The Nasdaq Stock Market Inc said that having an office would also enable it to forge deeper ties with China's bourses and regulators.

Stock exchanges around the world are trying to lure Chinese firms to list with them as investors seek to capitalize on the rapid growth of the world's fourth-largest economy.

Nasdaq trades the shares of 52 Chinese companies with a combined market capitalization of $57 billion.

Nineteen of them have joined Nasdaq so far this year, compared with nine in 2006, and there will be at least one more listing by the end of 2007, Guang Xu, Nasdaq's managing director for Asia, told a news conference.

Xu described the 2008 pipeline of initial public offerings of Chinese firms as strong, especially for energy-related companies, but declined to put a figure on it.

Xu, who will head the Beijing office, said Nasdaq itself would consider listing its shares in Shanghai if China changes its regulations to permit listings of foreign companies.

Nasdaq, the No. 2 U.S. stock exchange, reached deals this year to take over the Philadelphia and Boston exchanges and to buy Nordic market operator OMX jointly with Borse Dubai.

Stepping up its Asia-Pacific presence would complete Nasdaq's global reach, Eric Landheer, the company's head of Asia-Pacific, told Reuters in Hong Kong.

The major piece that's still not there is Asia, Landheer said, adding: China is our most important market right now.

But Nasdaq and similar international markets such as the Growth Enterprise Board in Hong Kong face mounting competition as China redoubles its efforts to build its own Nasdaq-style board.

China agreed late last year to let the New York Stock Exchange and Nasdaq open offices in Beijing as part of deals struck during the first round of a high-level strategic economic dialogue with the United States.

NYSE Euronext, parent of the New York Stock Exchange, said on Monday it would open its Beijing office on December 11, the eve of the next round of the strategic dialogue.

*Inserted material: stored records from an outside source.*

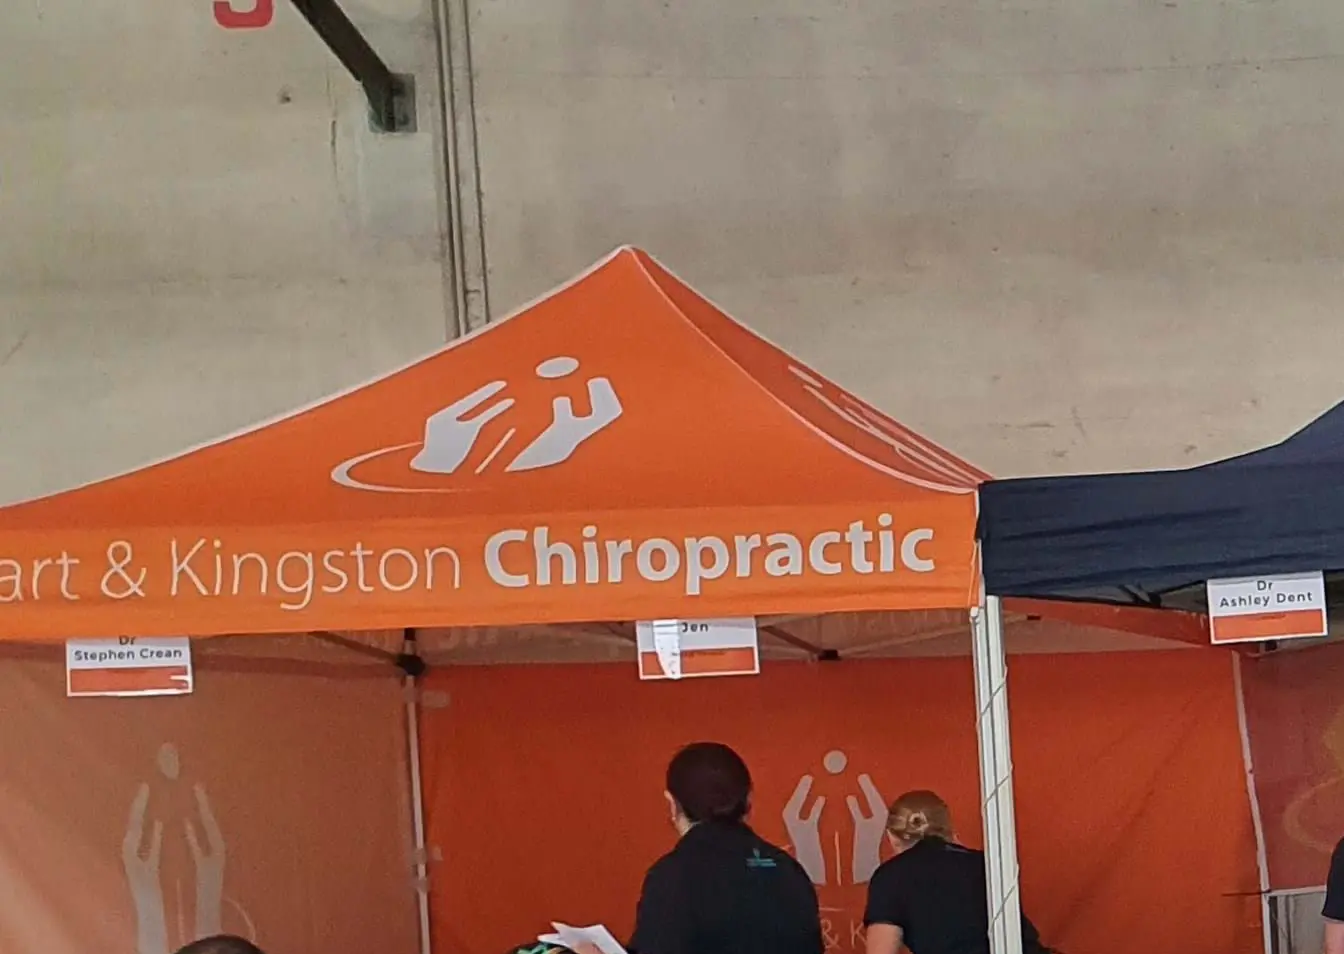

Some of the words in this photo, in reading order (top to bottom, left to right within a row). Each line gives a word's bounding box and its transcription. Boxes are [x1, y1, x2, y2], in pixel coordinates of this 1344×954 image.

[100, 540, 147, 599] &
[170, 538, 461, 610] Kingston
[484, 513, 936, 596] Chiropractic
[1256, 580, 1273, 591] Dr
[1219, 594, 1270, 608] Ashley
[1276, 591, 1313, 604] Dent
[681, 622, 709, 633] Jen
[119, 635, 137, 646] Dr
[74, 649, 135, 663] Stephen
[139, 648, 182, 659] Crean

Treasury Secretary Henry Paulson will lead the U.S. delegation to the talks, which will take place near Beijing.

Washington is likely to press Beijing at the talks to open its financial sector wider. It would like China to raise the caps that now restrict foreign investors to minority stakes in local banks and other financial firms.

Beijing has already promised to lift a moratorium by the end of the year on new foreign brokerage joint ventures.